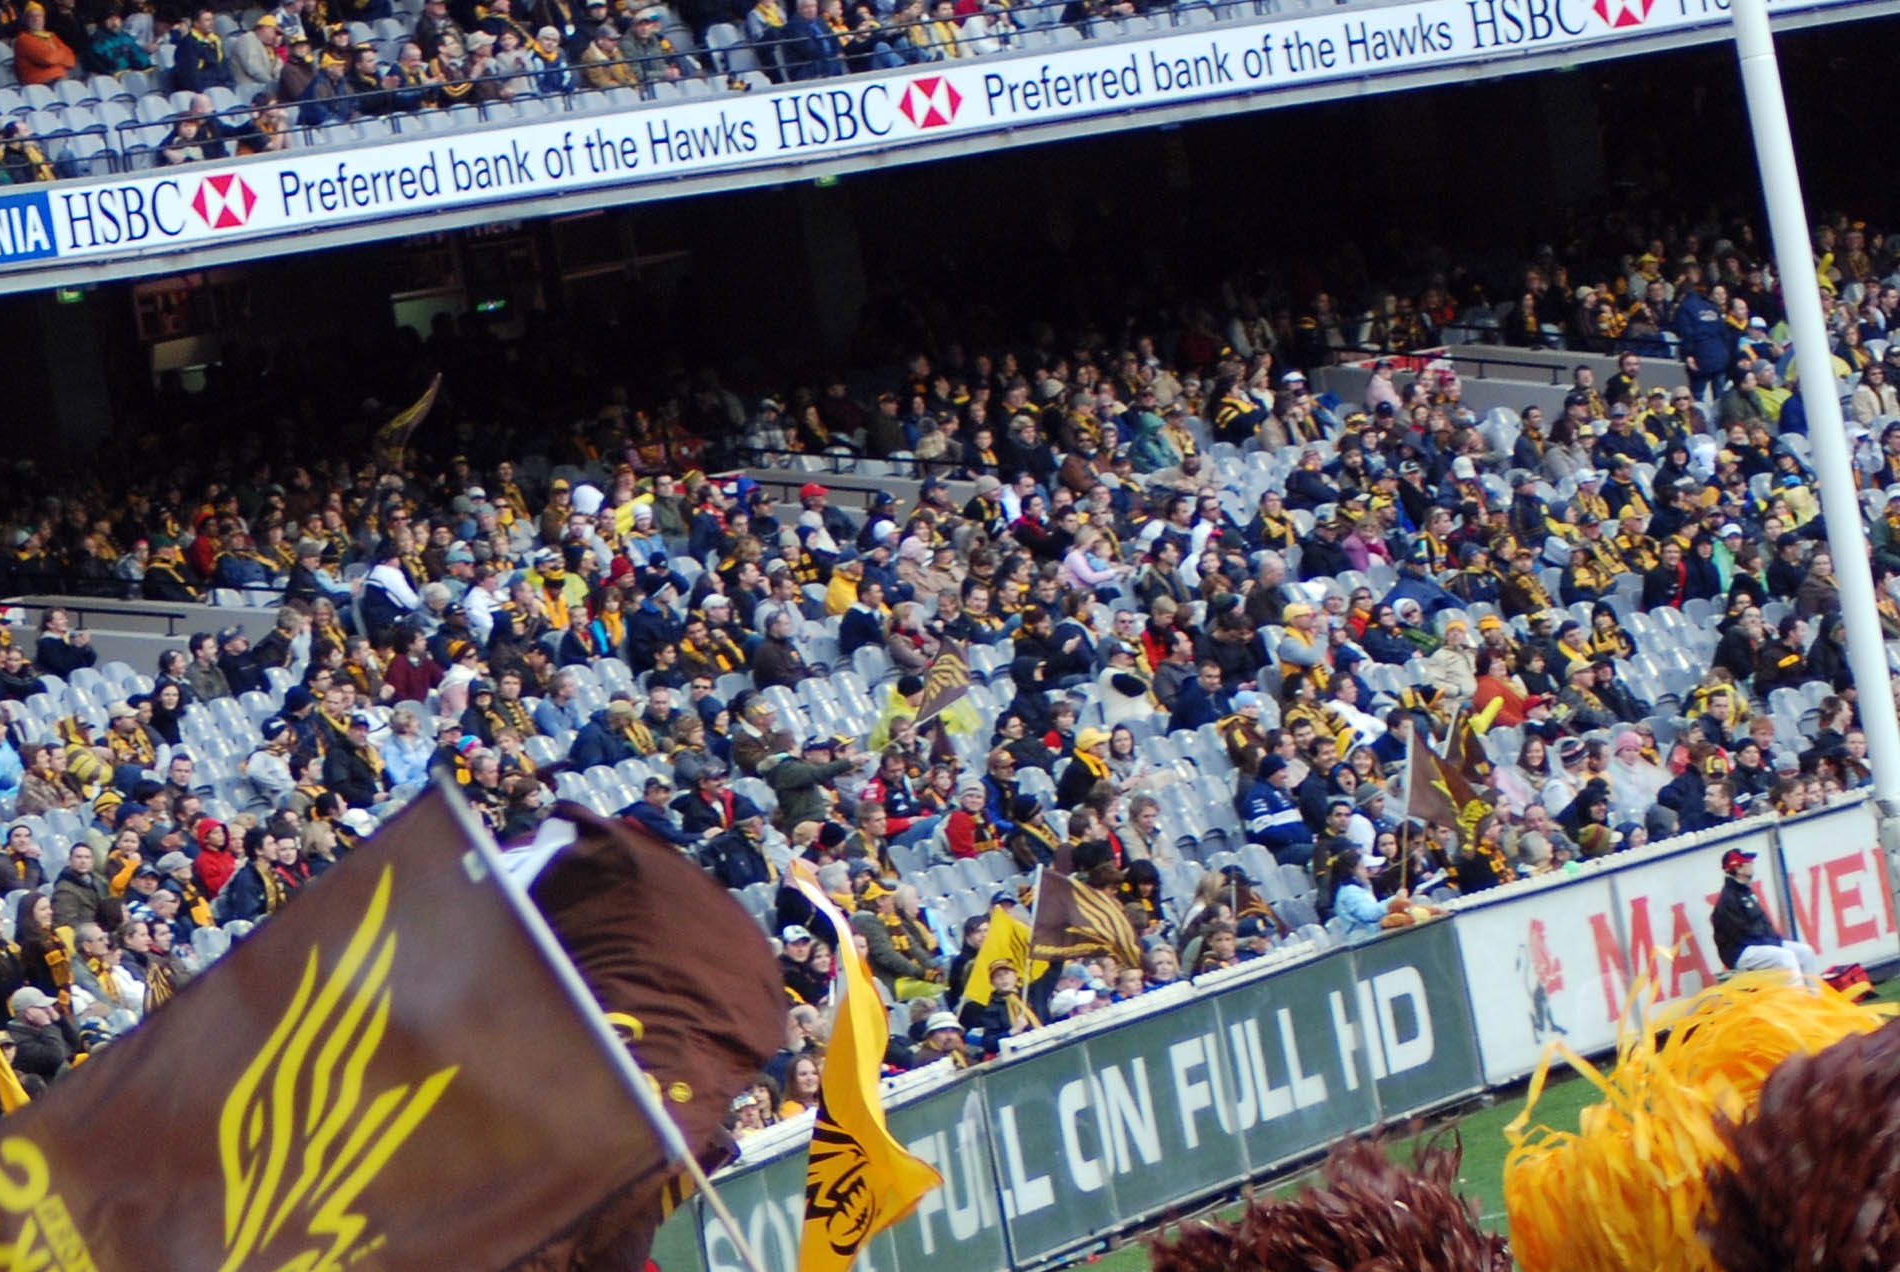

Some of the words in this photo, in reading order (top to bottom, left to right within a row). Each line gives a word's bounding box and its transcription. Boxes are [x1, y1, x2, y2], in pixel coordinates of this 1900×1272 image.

[771, 84, 894, 150] HSBC
[983, 52, 1142, 117] Preferred
[1151, 43, 1233, 92] bank
[1243, 34, 1275, 79] of
[1284, 31, 1337, 74] the
[1345, 14, 1454, 64] Hawks
[1466, 0, 1587, 49] HSBC
[61, 180, 187, 250] HSBC
[278, 151, 442, 218] Preferred
[449, 141, 535, 193] bank
[544, 131, 577, 180] of
[584, 129, 639, 174] the
[648, 111, 759, 165] Hawks
[1058, 1057, 1164, 1193] ON
[1169, 1007, 1330, 1150] FULL
[1329, 965, 1435, 1091] HD

→ PROBLEM TO WORK ON: The listing above should be repeated word for word, with every image left out.

→ REPLY:
Some of the words in this photo, in reading order (top to bottom, left to right within a row). Each line gives a word's bounding box and its transcription. Boxes are [x1, y1, x2, y2], in pixel coordinates of this 1900×1272 image.

[771, 84, 894, 150] HSBC
[983, 52, 1142, 117] Preferred
[1151, 43, 1233, 92] bank
[1243, 34, 1275, 79] of
[1284, 31, 1337, 74] the
[1345, 14, 1454, 64] Hawks
[1466, 0, 1587, 49] HSBC
[61, 180, 187, 250] HSBC
[278, 151, 442, 218] Preferred
[449, 141, 535, 193] bank
[544, 131, 577, 180] of
[584, 129, 639, 174] the
[648, 111, 759, 165] Hawks
[1058, 1057, 1164, 1193] ON
[1169, 1007, 1330, 1150] FULL
[1329, 965, 1435, 1091] HD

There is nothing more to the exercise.